Biophysical Properties of Camelid VHH Domains Compared to Those of Human VH3 Domains

Abstract

Camelidae possess an unusual form of antibodies lacking the light chains. The variable domain of these heavy chain antibodies (V_HH) is not paired, while the V_H domain of all other antibodies forms a heterodimer with the variable domain of the light chain (V_L), held together by a hydrophobic interface. Here, we analyzed the biophysical properties of four camelid V_HH fragments (H14, AMD9, RN05, and CA05) and two human consensus V_H3 domains with different CDR3 loops to gain insight into factors determining stability and aggregation of immunoglobulin domains.

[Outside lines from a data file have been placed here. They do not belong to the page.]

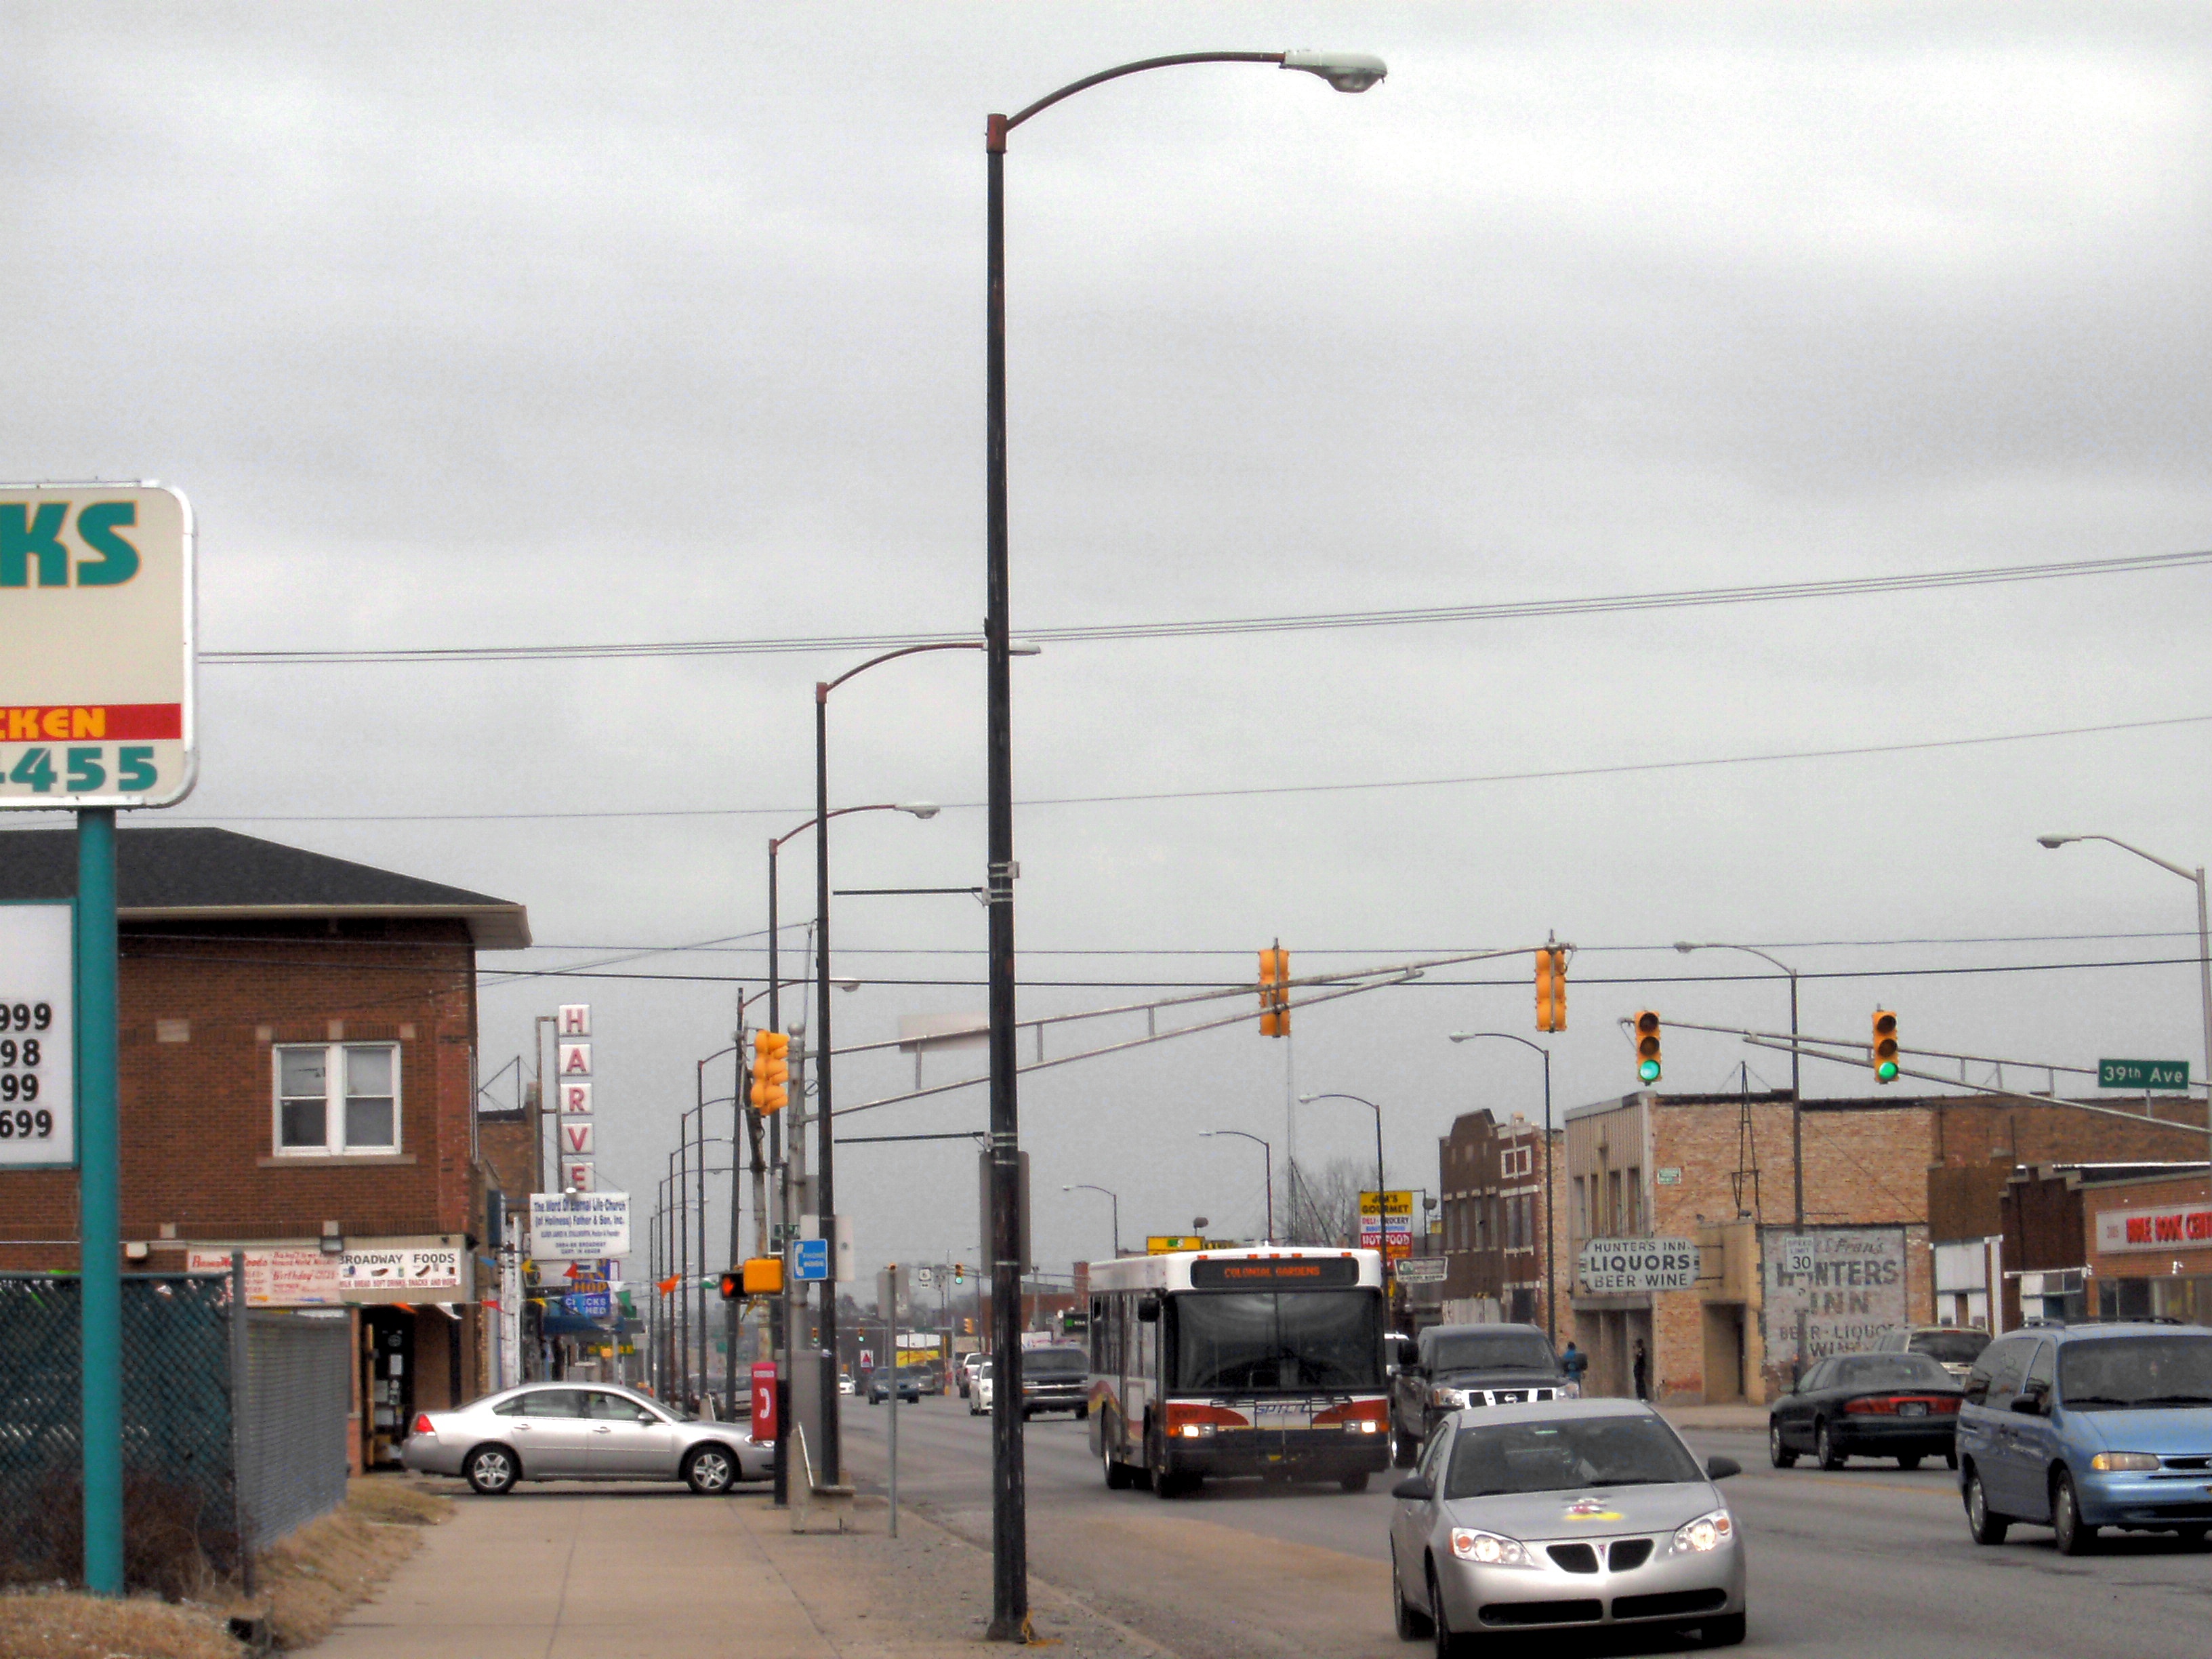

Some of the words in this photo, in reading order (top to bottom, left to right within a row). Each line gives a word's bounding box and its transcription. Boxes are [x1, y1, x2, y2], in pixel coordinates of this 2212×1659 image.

[0, 500, 143, 589] KS
[0, 707, 106, 739] KEN
[0, 746, 158, 792] 455
[0, 1038, 41, 1067] 98
[2104, 1066, 2141, 1082] 39th
[2150, 1067, 2183, 1082] Ave
[0, 1073, 39, 1102] 99
[1362, 1235, 1381, 1245] HOT
[1386, 1234, 1410, 1245] FOOD
[1595, 1242, 1656, 1252] HUNTER'S
[413, 1253, 455, 1263] FOODS
[1591, 1254, 1689, 1272] LIQUORS
[1793, 1256, 1811, 1269] 30
[1224, 1267, 1272, 1278] COLONIAL
[1275, 1265, 1320, 1277] GARDENS
[1776, 1259, 1899, 1287] HNTERS
[1810, 1291, 1869, 1315] INN
[1780, 1325, 1821, 1340] BER

We show by denaturant-induced unfolding equilibria that the free energies of unfolding of V_HH fragments are characterized by ΔG_N-U values between 21.1 and 35.0 kJ/mol and thus lie in the upper range of values for V_H fragments from murine and human antibodies. Nevertheless, the V_HH fragments studied here did not reach the high values between 39.7 and 52.7 kJ/mol of the human consensus V_H3 domains with which they share the highest degree of sequence similarity. Temperature-induced unfolding of the V_HH fragments that were studied proved to be reversible, and the binding affinity after cooling was fully retained. The melting temperatures were determined to be between 60.1 and 66.7 °C. In contrast, the studied V_H3 domains aggregated during temperature-induced denaturation at 63−65 °C. In summary, the camelid V_HH fragments are characterized by a favorable but not unusually high stability. Their hallmark is the ability to reversibly melt without aggregation, probably mediated by the surface mutations characterizing the V_HH domains, which allow them to regain binding activity after heat renaturation.